▶ _ASSIGNED TASK_
Write the records out exactly as they read, but not the pictures.

▶ _AVAILABLE RECORDS_
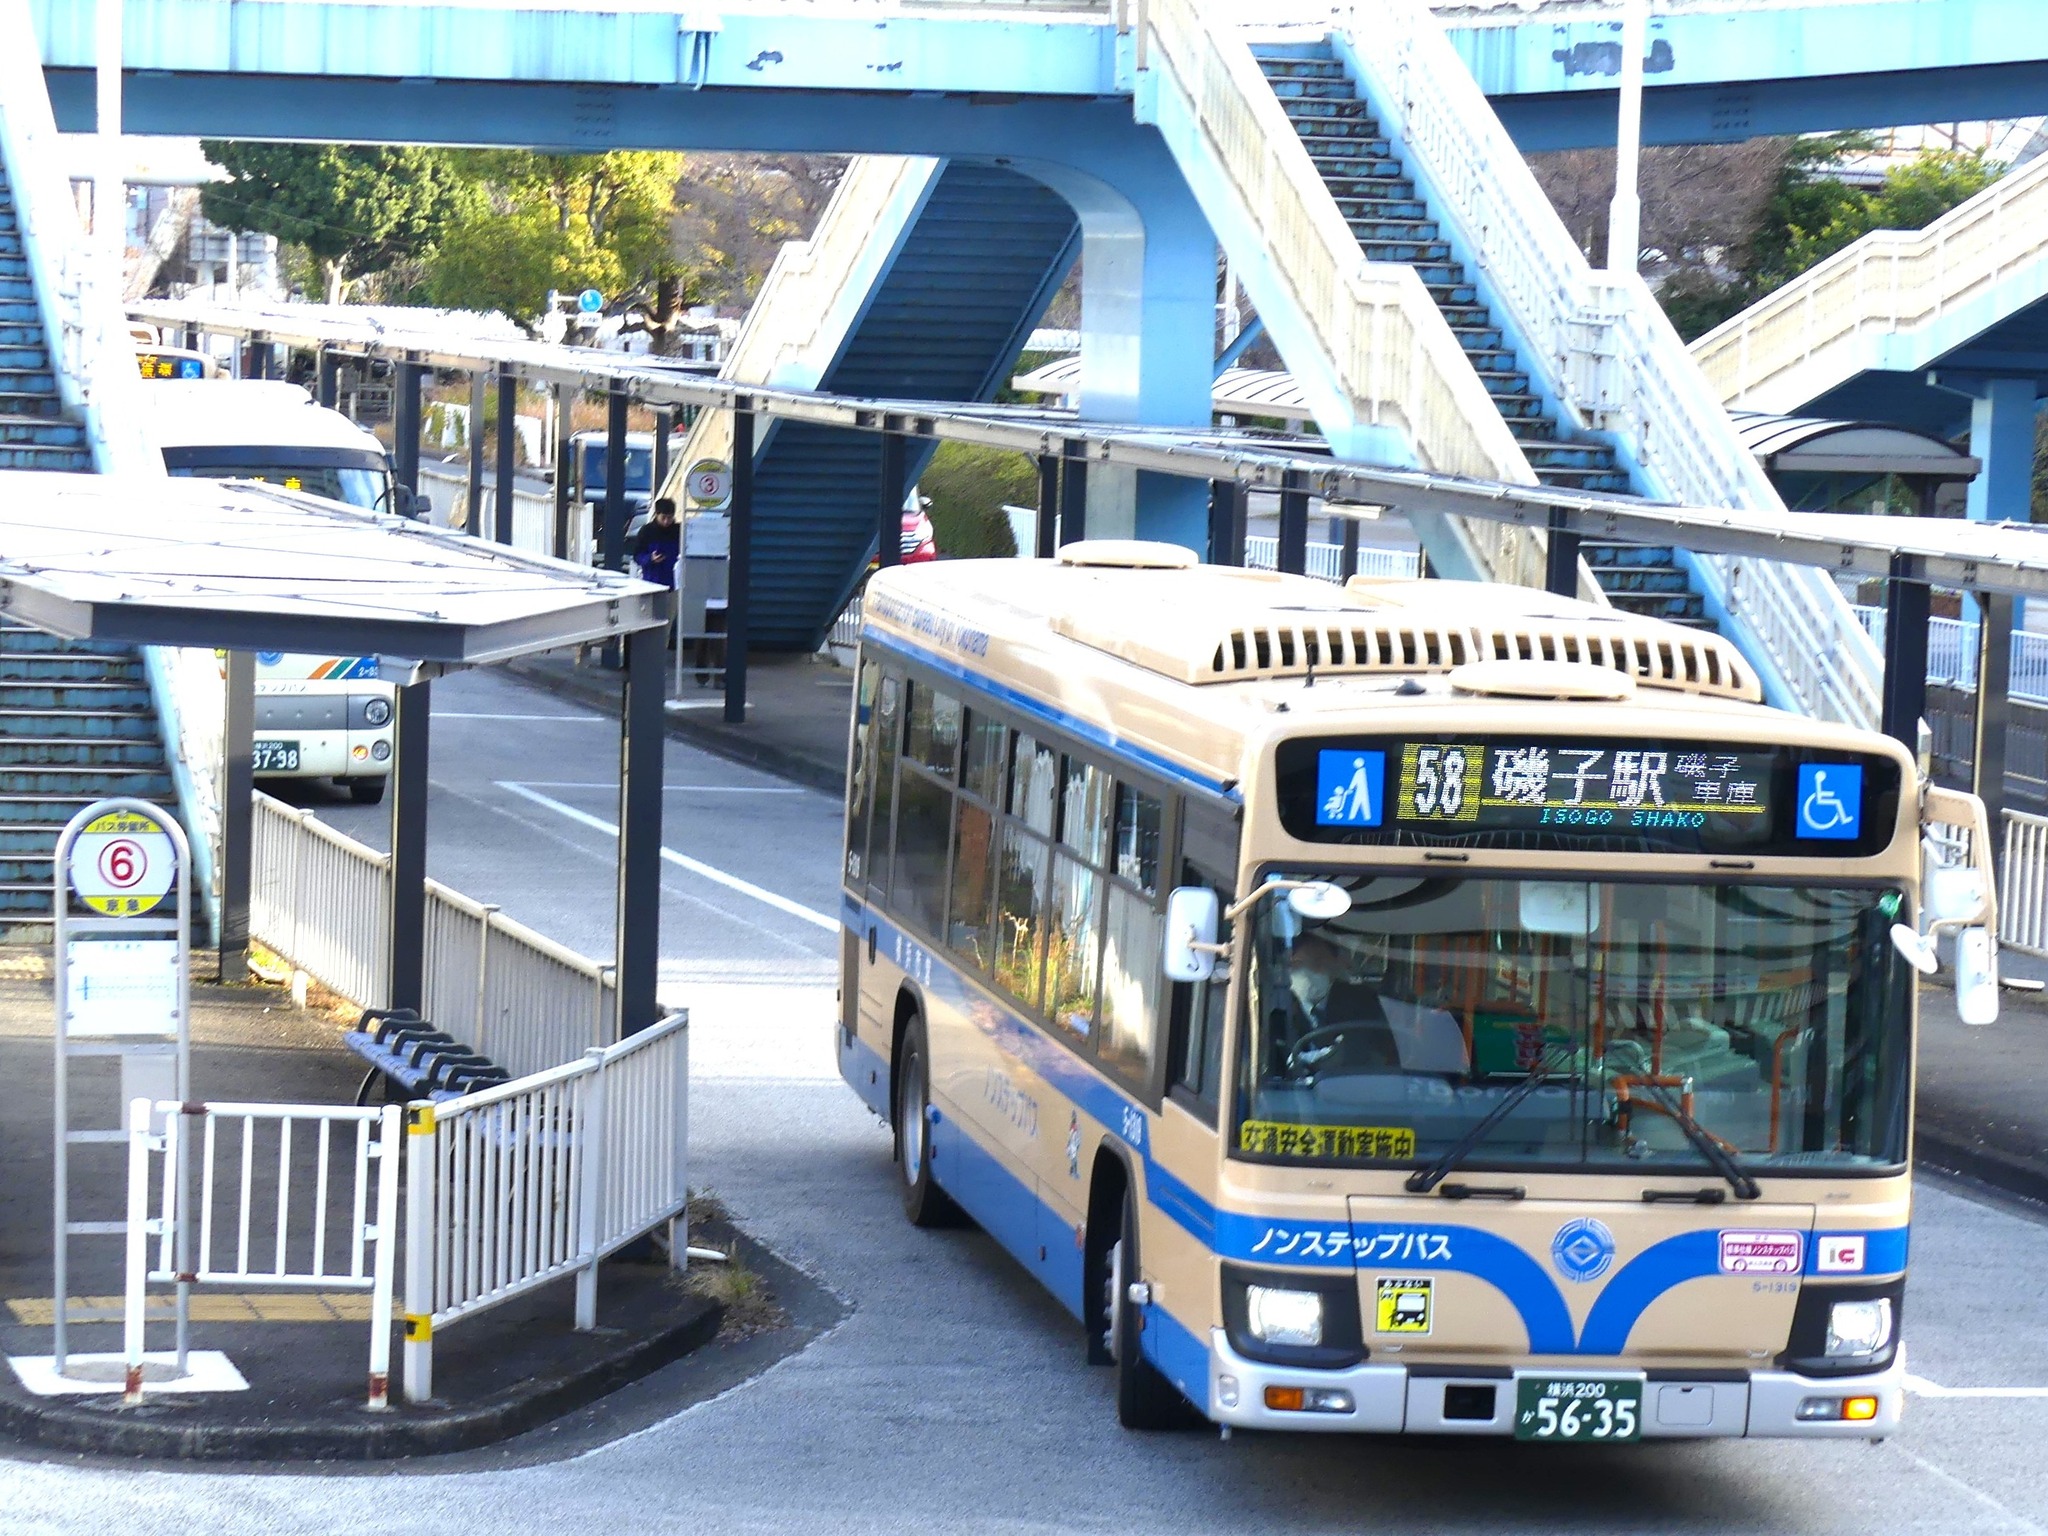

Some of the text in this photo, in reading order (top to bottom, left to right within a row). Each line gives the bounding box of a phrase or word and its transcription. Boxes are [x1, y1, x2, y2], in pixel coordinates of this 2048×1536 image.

[358, 666, 378, 676] 2-8
[252, 750, 298, 769] 37-98
[1674, 752, 1742, 779] 磯子
[1412, 748, 1466, 815] 58
[1492, 747, 1668, 808] 磯子駅
[1692, 779, 1758, 805] 車庫
[1539, 807, 1706, 828] ISOGO SHAKO
[1243, 1124, 1413, 1158] 交通安全運動実施中
[1251, 1227, 1453, 1261] ノンステップバス
[1536, 1398, 1637, 1438] 56-35
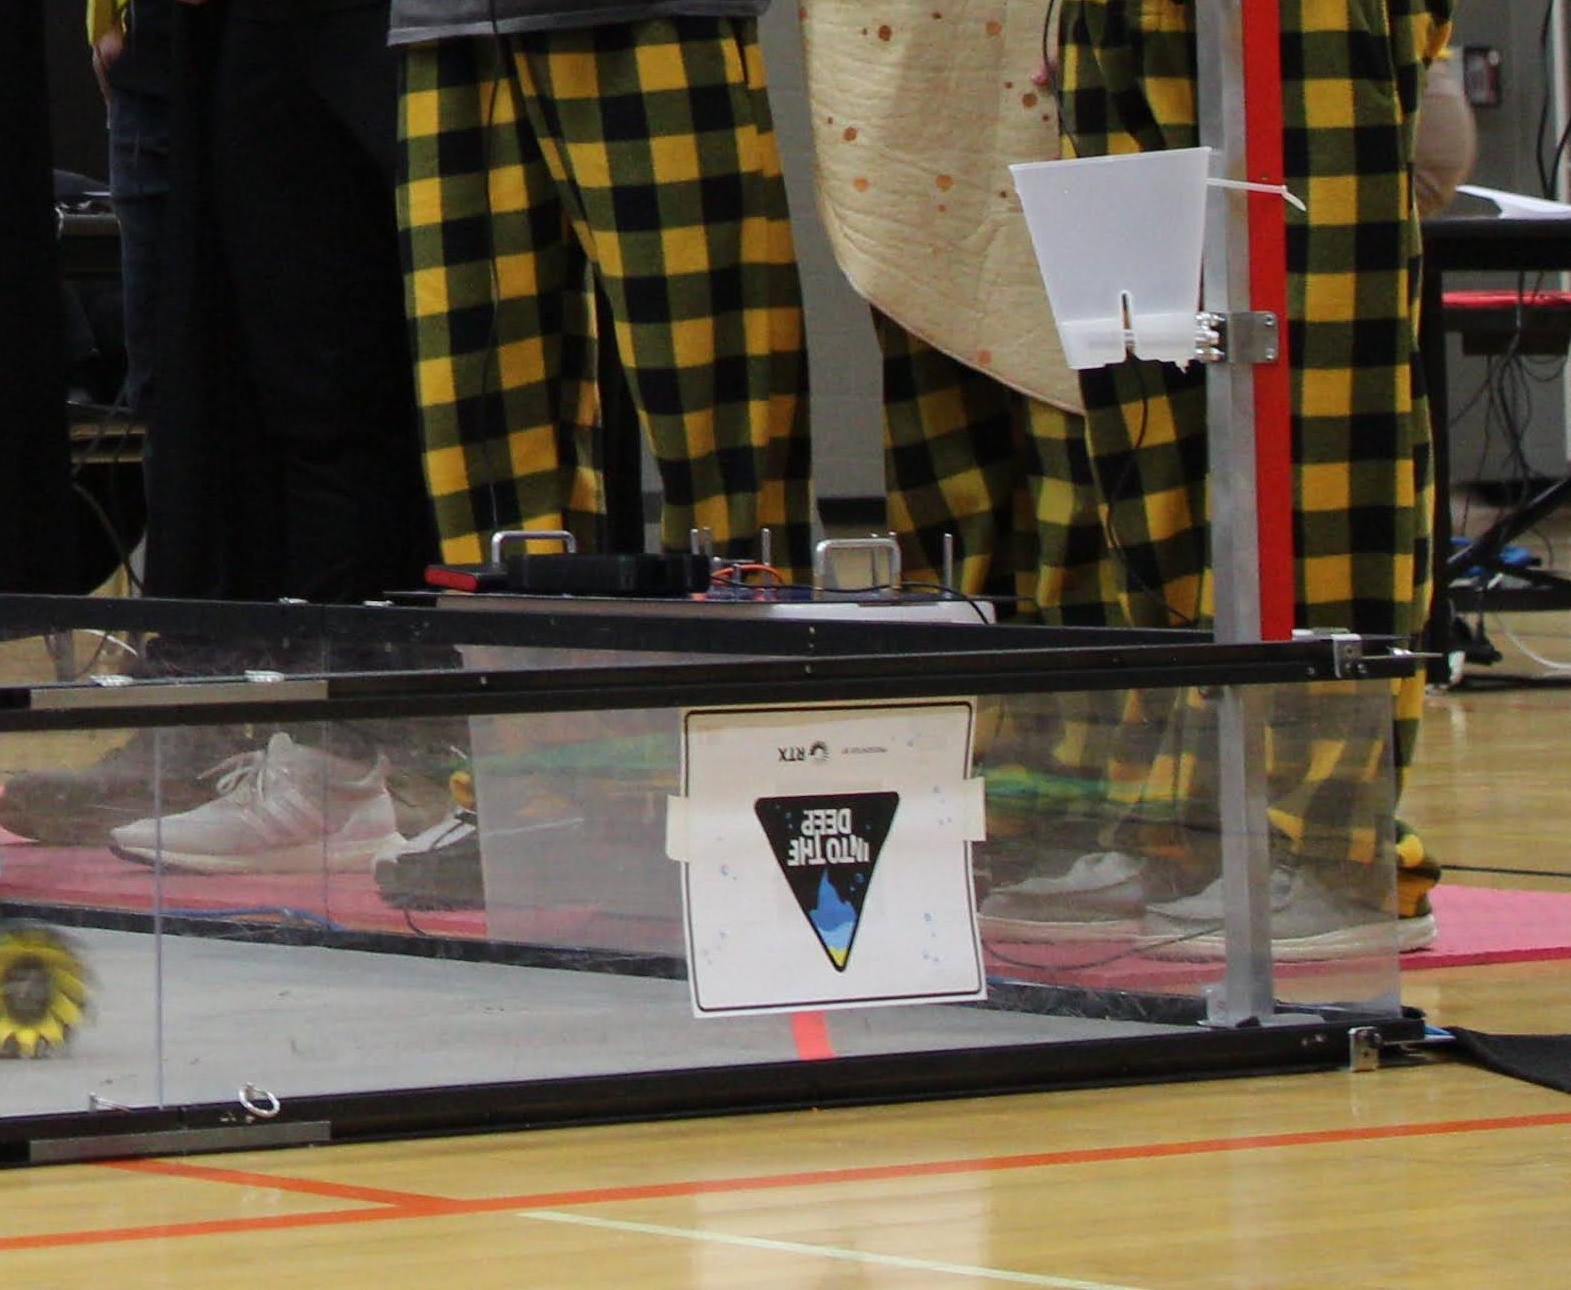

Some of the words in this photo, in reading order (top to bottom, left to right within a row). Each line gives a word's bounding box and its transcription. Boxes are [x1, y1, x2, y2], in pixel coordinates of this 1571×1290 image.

▶ _ANSWER TO THIS TASK_
Some of the text in this photo, in reading order (top to bottom, left to right within a row). Each line gives the bounding box of a phrase or word and its transcription. Boxes are [x1, y1, x2, y2], in pixel coordinates of this 2048×1536 image.

[358, 666, 378, 676] 2-8
[252, 750, 298, 769] 37-98
[1674, 752, 1742, 779] 磯子
[1412, 748, 1466, 815] 58
[1492, 747, 1668, 808] 磯子駅
[1692, 779, 1758, 805] 車庫
[1539, 807, 1706, 828] ISOGO SHAKO
[1243, 1124, 1413, 1158] 交通安全運動実施中
[1251, 1227, 1453, 1261] ノンステップバス
[1536, 1398, 1637, 1438] 56-35

Some of the words in this photo, in reading order (top to bottom, left to right within a row). Each line gives a word's bounding box and its transcription. Boxes are [x1, y1, x2, y2], in pixel coordinates of this 1571×1290 image.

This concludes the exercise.